そうじゃない。それも悪くない行動かもしれないけど、私に事前に言って欲しかっただけだ。「朔楽が嫌そうだから1人で行くね」と。
そう確認されたら、「嫌なんじゃなくてしんどいだけだよ」と言えたけど、「行くね」と宣言だけされると反論する気力も無くなるのだ。なぜなら「行くね」だけだと覆らない決定事項に思えるから。

だから、夫に「行く?」と聞かれた時には「何時までに出発しなきゃいけないの?」と確認することになった。その時間に間に合うか否かを自分で判断して行くか行かないかを決定してほしいと。

つまり、全容は、『夫は今日予定に時間制限があり、コンビニにかけられる時間は少ししかない。でもせっかく外に出るなら朔楽ちゃんにも声をかけよう』と思ったが、『朔楽はイヤイヤ出ようとしている。
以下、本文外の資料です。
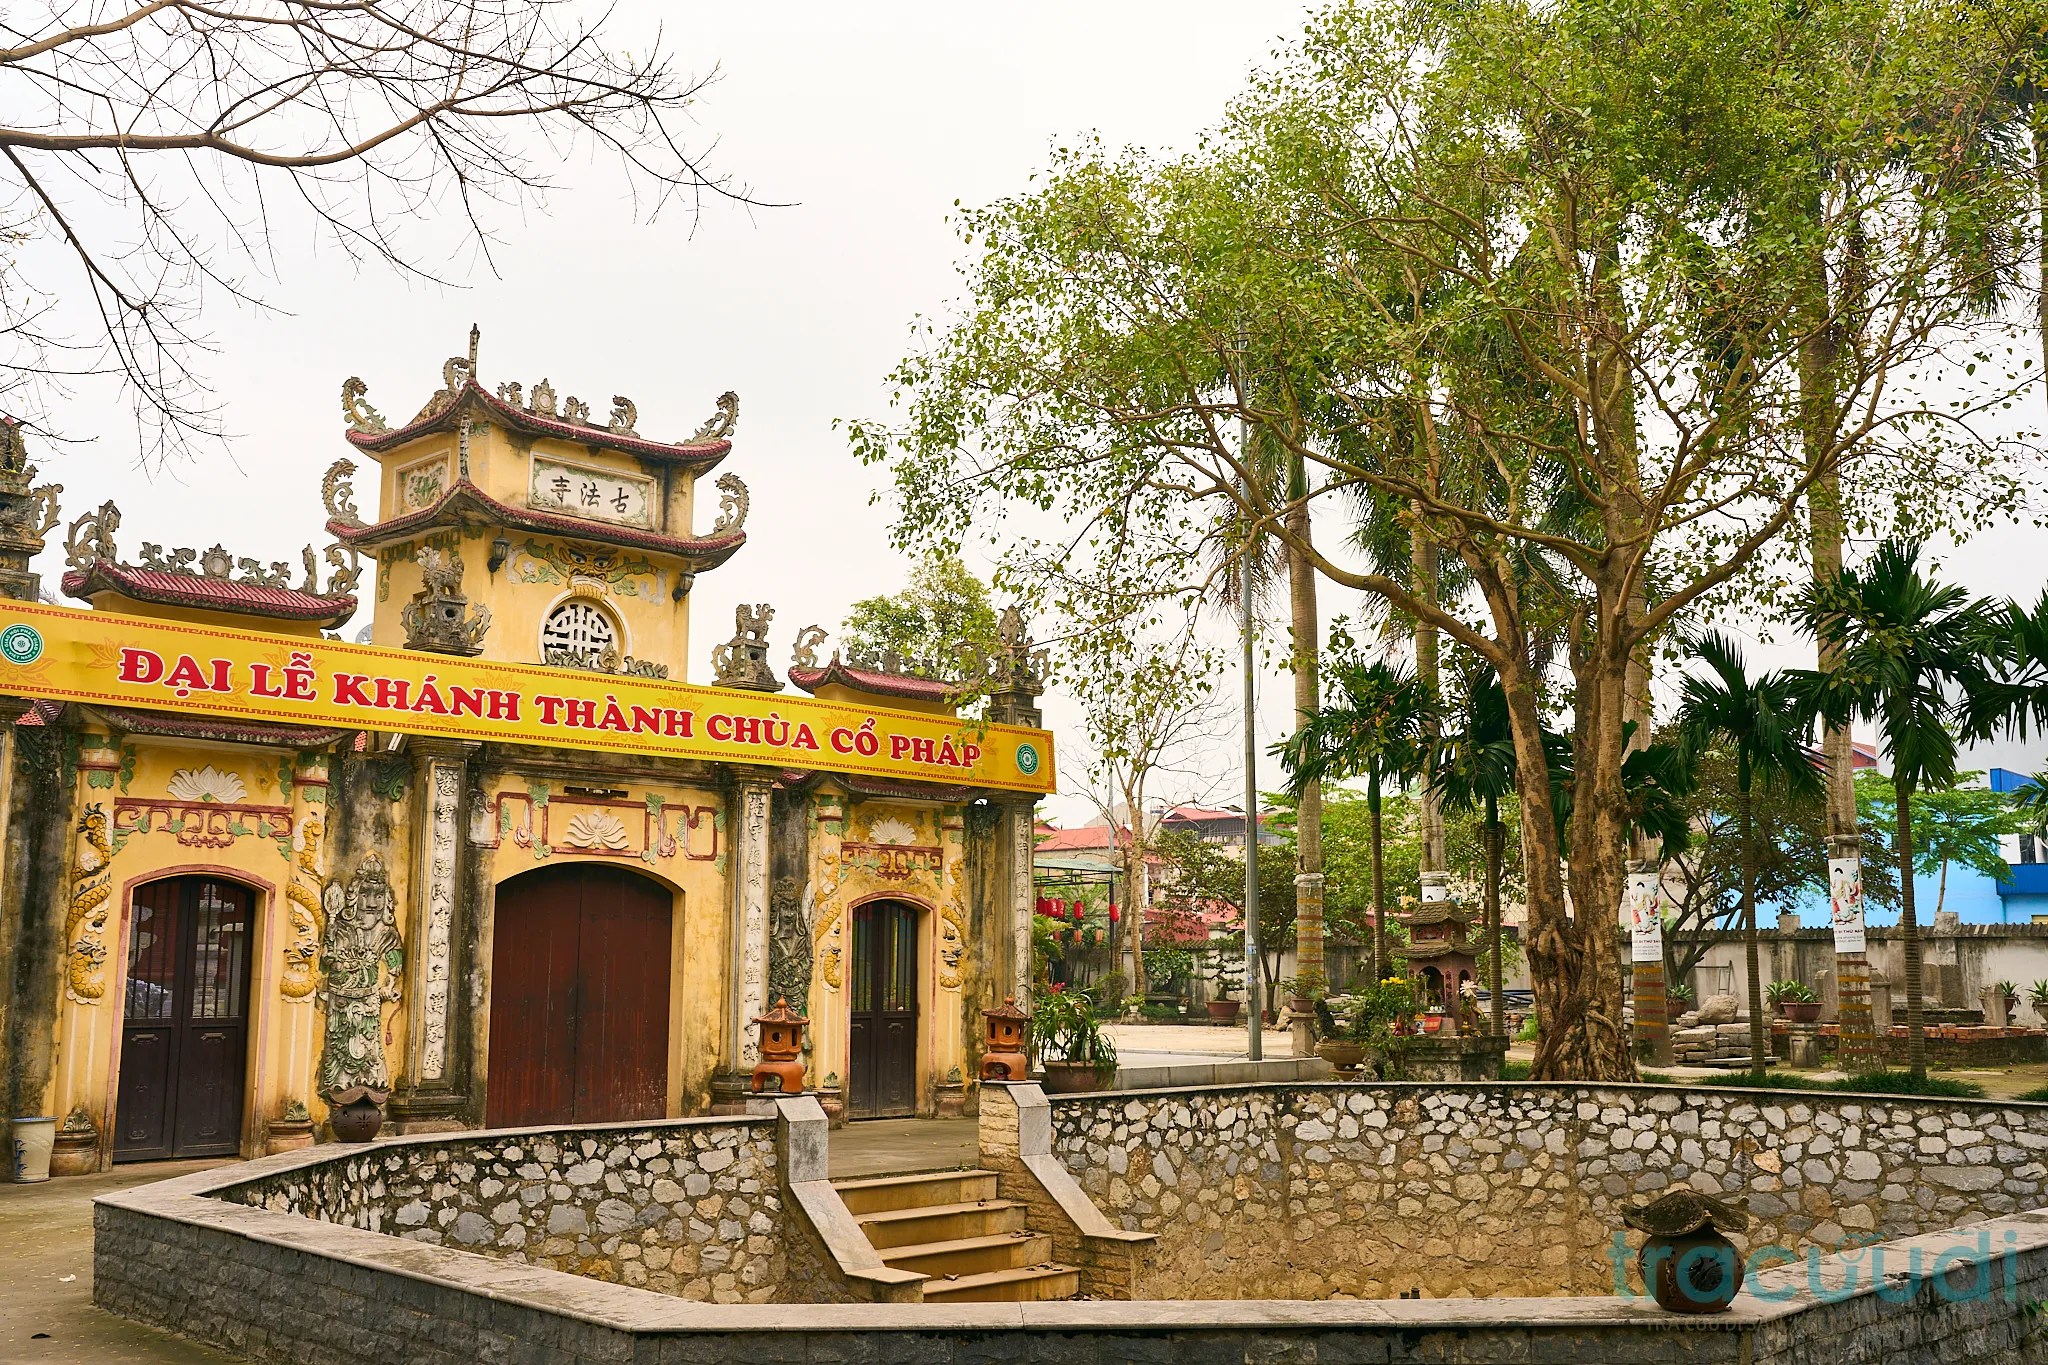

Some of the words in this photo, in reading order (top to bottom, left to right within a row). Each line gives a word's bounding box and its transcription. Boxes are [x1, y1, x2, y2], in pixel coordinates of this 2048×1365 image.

しかも準備も遅い。このままでは後の予定に支障が出てしまうし、家に居させてあげよう』と思った夫は『1人でコンビニに行く』と決意した。のだ。

その時間制限を知らなかった私は、『気まぐれに予定を立てられて気まぐれに予定を無くされた』と思ったので、『次回からは時間制限があることは伝えて欲しいし、行くか行かないかの判断も私に委ねて欲しい。』と言ったら、夫の誘いに時間制限があるか否かを毎度確認することになったのだ。

夫は割と興奮気味に話していたので、普通の話し合いではないなと感じた私は、ひと段落した後に、「今私のことを話が通じない状態だと思って話してる?」と聞くと、「話の裏の裏まで読むのは今のスポンサーと一緒だ。話が通じない。話をしても裏の裏まで読まれて全て悪い方向に捉えられるから疲れる」と言われた。

つまり、『今の私はまともに話そうとしても話の裏の裏まで読んで悪く捉えようとするから話にならない状態』になっているのか。と納得すると、「俺の話が捻じ曲げられている」と言う。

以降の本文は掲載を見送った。